No pictures in the copy. Write out the listing below exactly.

+++++

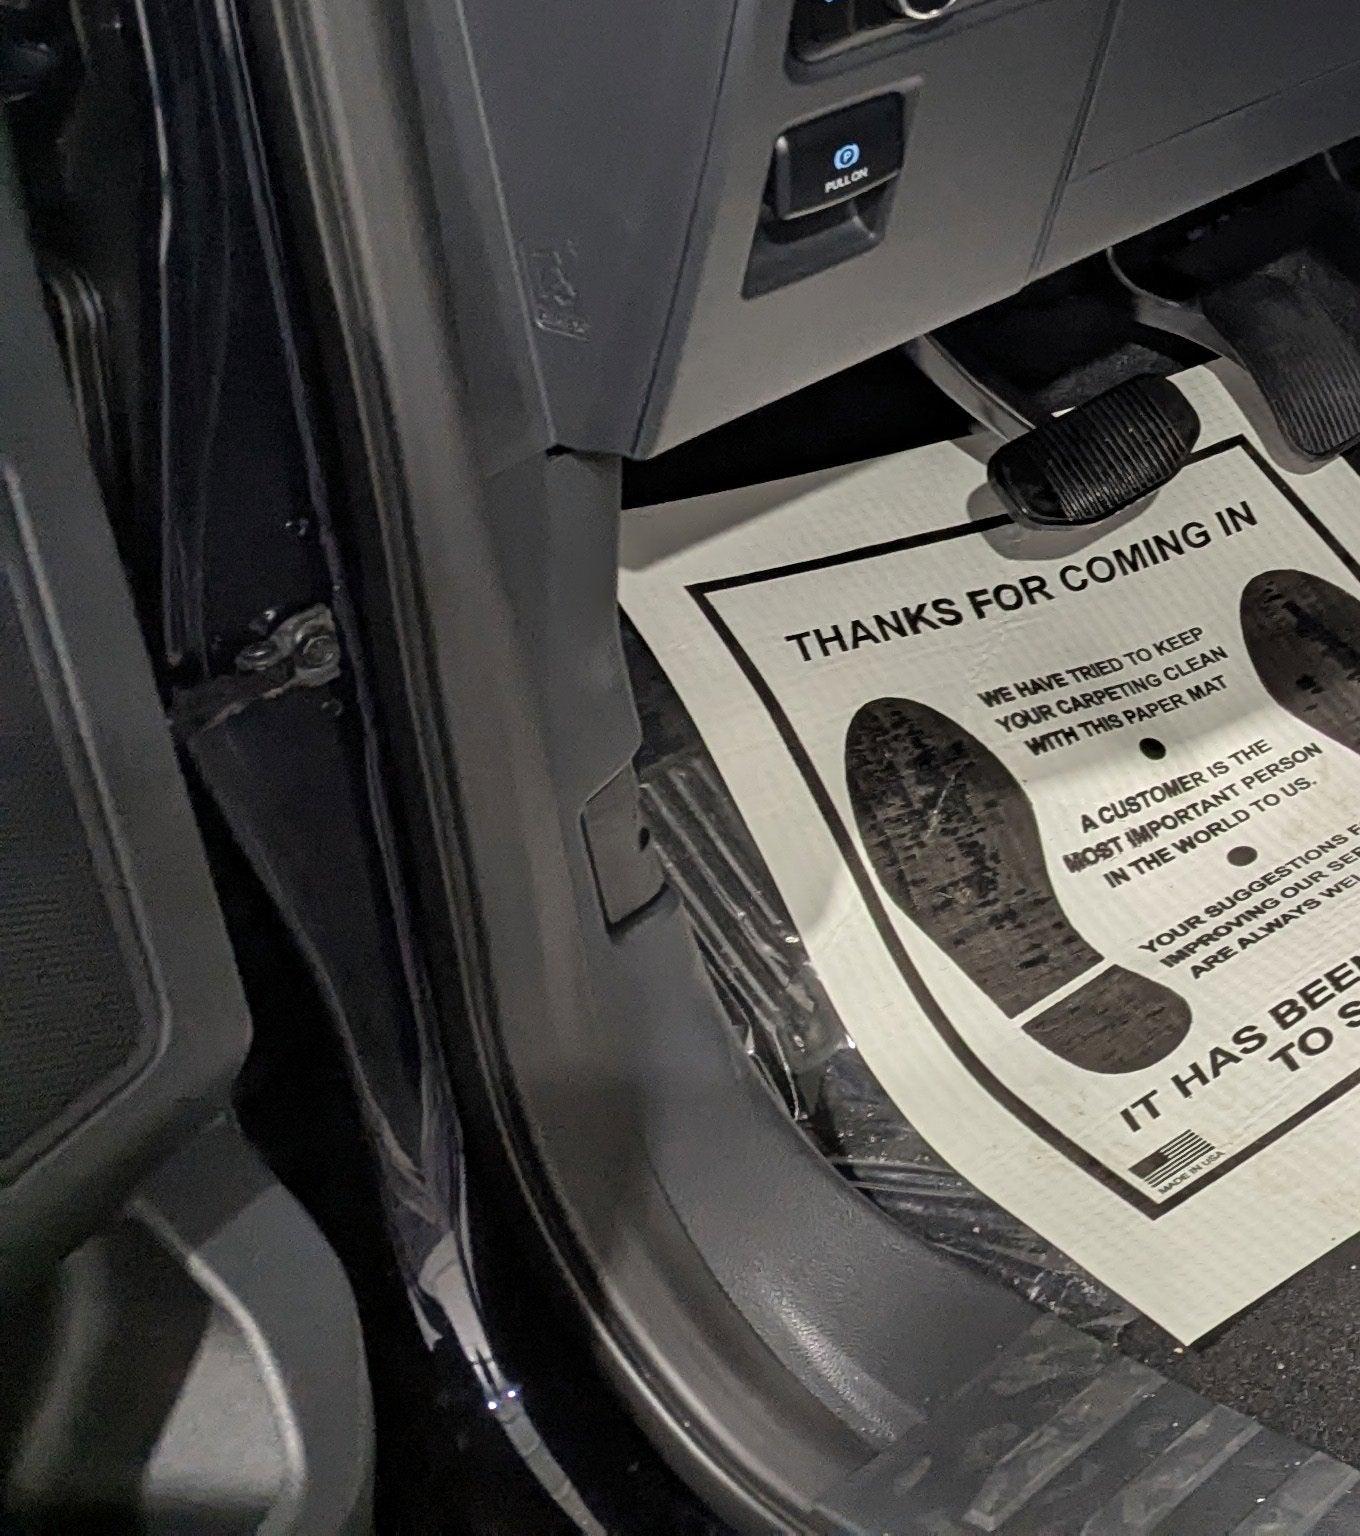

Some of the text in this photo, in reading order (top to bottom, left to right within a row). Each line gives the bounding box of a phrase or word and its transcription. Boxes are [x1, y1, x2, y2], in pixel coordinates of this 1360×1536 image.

[824, 167, 869, 193] PULL ON
[785, 500, 1259, 663] THANKS FOR COMING IN
[977, 626, 1204, 708] WE HAVE TRIED TO KEEP
[995, 645, 1229, 733] YOUR CARPETING CLEAN
[1024, 674, 1229, 756] WITH THIS PAPER MAT
[1062, 742, 1323, 874] MOST IMPORTANT PERSON
[1080, 738, 1274, 834] A CUSTOMER IS THE
[1102, 776, 1319, 889] IN THE WORLD TO US.
[1138, 915, 1207, 954] YOUR
[1203, 834, 1349, 919] SUGGESTIONS
[1159, 897, 1281, 969] IMPROVING
[1280, 869, 1330, 899] OUR
[1190, 945, 1240, 980] ARE
[1237, 897, 1322, 950] ALWAYS
[1119, 1088, 1163, 1134] IT
[1170, 1024, 1269, 1100] HAS
[1268, 1025, 1334, 1074] TO
[1158, 1151, 1225, 1194] MADE IN USA
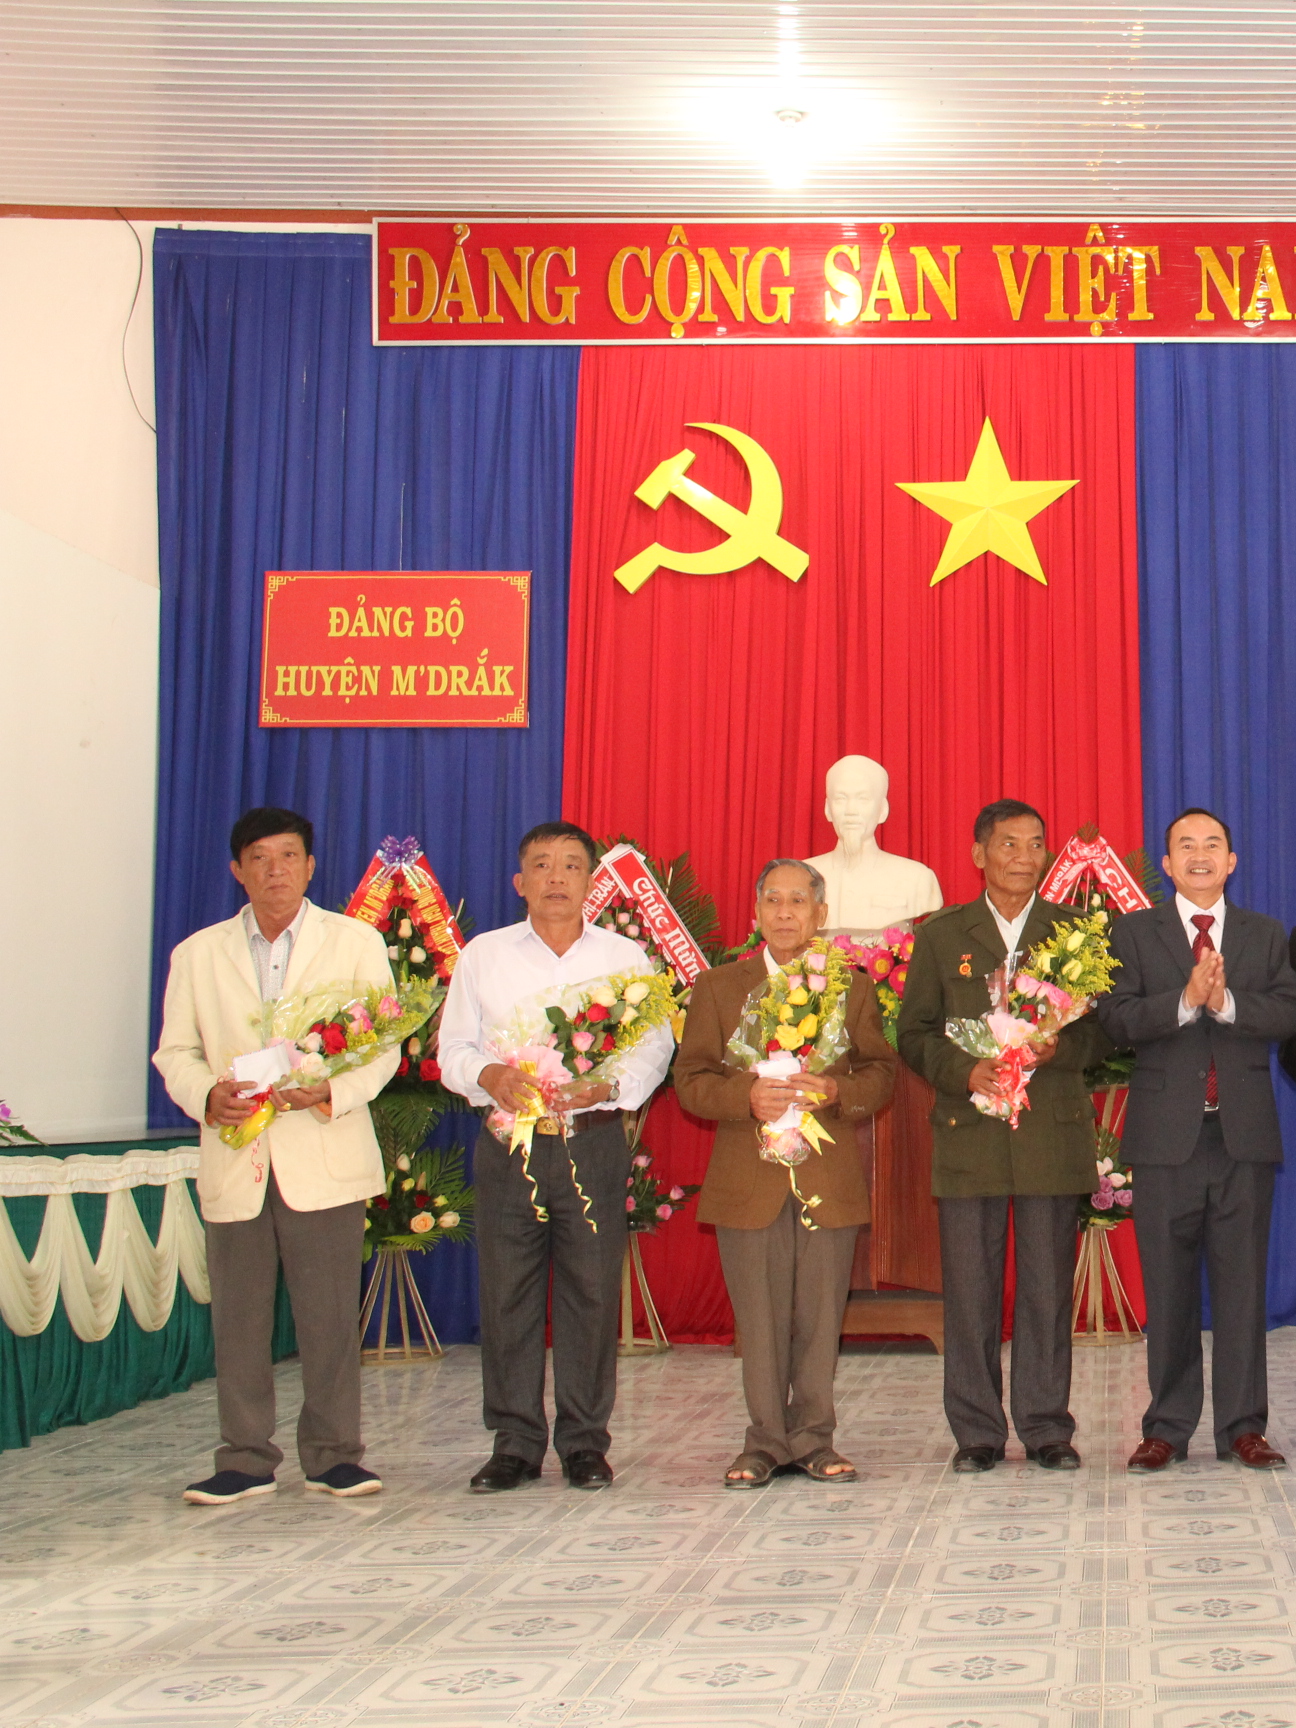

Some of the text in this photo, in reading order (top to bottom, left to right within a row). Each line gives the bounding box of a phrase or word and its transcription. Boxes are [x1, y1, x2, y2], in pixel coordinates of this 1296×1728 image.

[388, 223, 580, 326] ĐẢNG
[608, 225, 796, 340] CỘNG
[823, 222, 963, 325] SẢN
[992, 223, 1161, 337] VIỆT
[327, 594, 465, 645] ĐẢNG BỘ
[274, 647, 515, 704] HUYỆN M'DRẮK
[632, 876, 702, 982] Chúc Mừn

+++++

• _Answer for this exercise_
Some of the text in this photo, in reading order (top to bottom, left to right within a row). Each line gives the bounding box of a phrase or word and its transcription. Boxes are [x1, y1, x2, y2], in pixel coordinates of this 1360×1536 image.

[824, 167, 869, 193] PULL ON
[785, 500, 1259, 663] THANKS FOR COMING IN
[977, 626, 1204, 708] WE HAVE TRIED TO KEEP
[995, 645, 1229, 733] YOUR CARPETING CLEAN
[1024, 674, 1229, 756] WITH THIS PAPER MAT
[1062, 742, 1323, 874] MOST IMPORTANT PERSON
[1080, 738, 1274, 834] A CUSTOMER IS THE
[1102, 776, 1319, 889] IN THE WORLD TO US.
[1138, 915, 1207, 954] YOUR
[1203, 834, 1349, 919] SUGGESTIONS
[1159, 897, 1281, 969] IMPROVING
[1280, 869, 1330, 899] OUR
[1190, 945, 1240, 980] ARE
[1237, 897, 1322, 950] ALWAYS
[1119, 1088, 1163, 1134] IT
[1170, 1024, 1269, 1100] HAS
[1268, 1025, 1334, 1074] TO
[1158, 1151, 1225, 1194] MADE IN USA

Some of the text in this photo, in reading order (top to bottom, left to right within a row). Each line gives the bounding box of a phrase or word and its transcription. Boxes are [x1, y1, x2, y2], in pixel coordinates of this 1296×1728 image.

[388, 223, 580, 326] ĐẢNG
[608, 225, 796, 340] CỘNG
[823, 222, 963, 325] SẢN
[992, 223, 1161, 337] VIỆT
[327, 594, 465, 645] ĐẢNG BỘ
[274, 647, 515, 704] HUYỆN M'DRẮK
[632, 876, 702, 982] Chúc Mừn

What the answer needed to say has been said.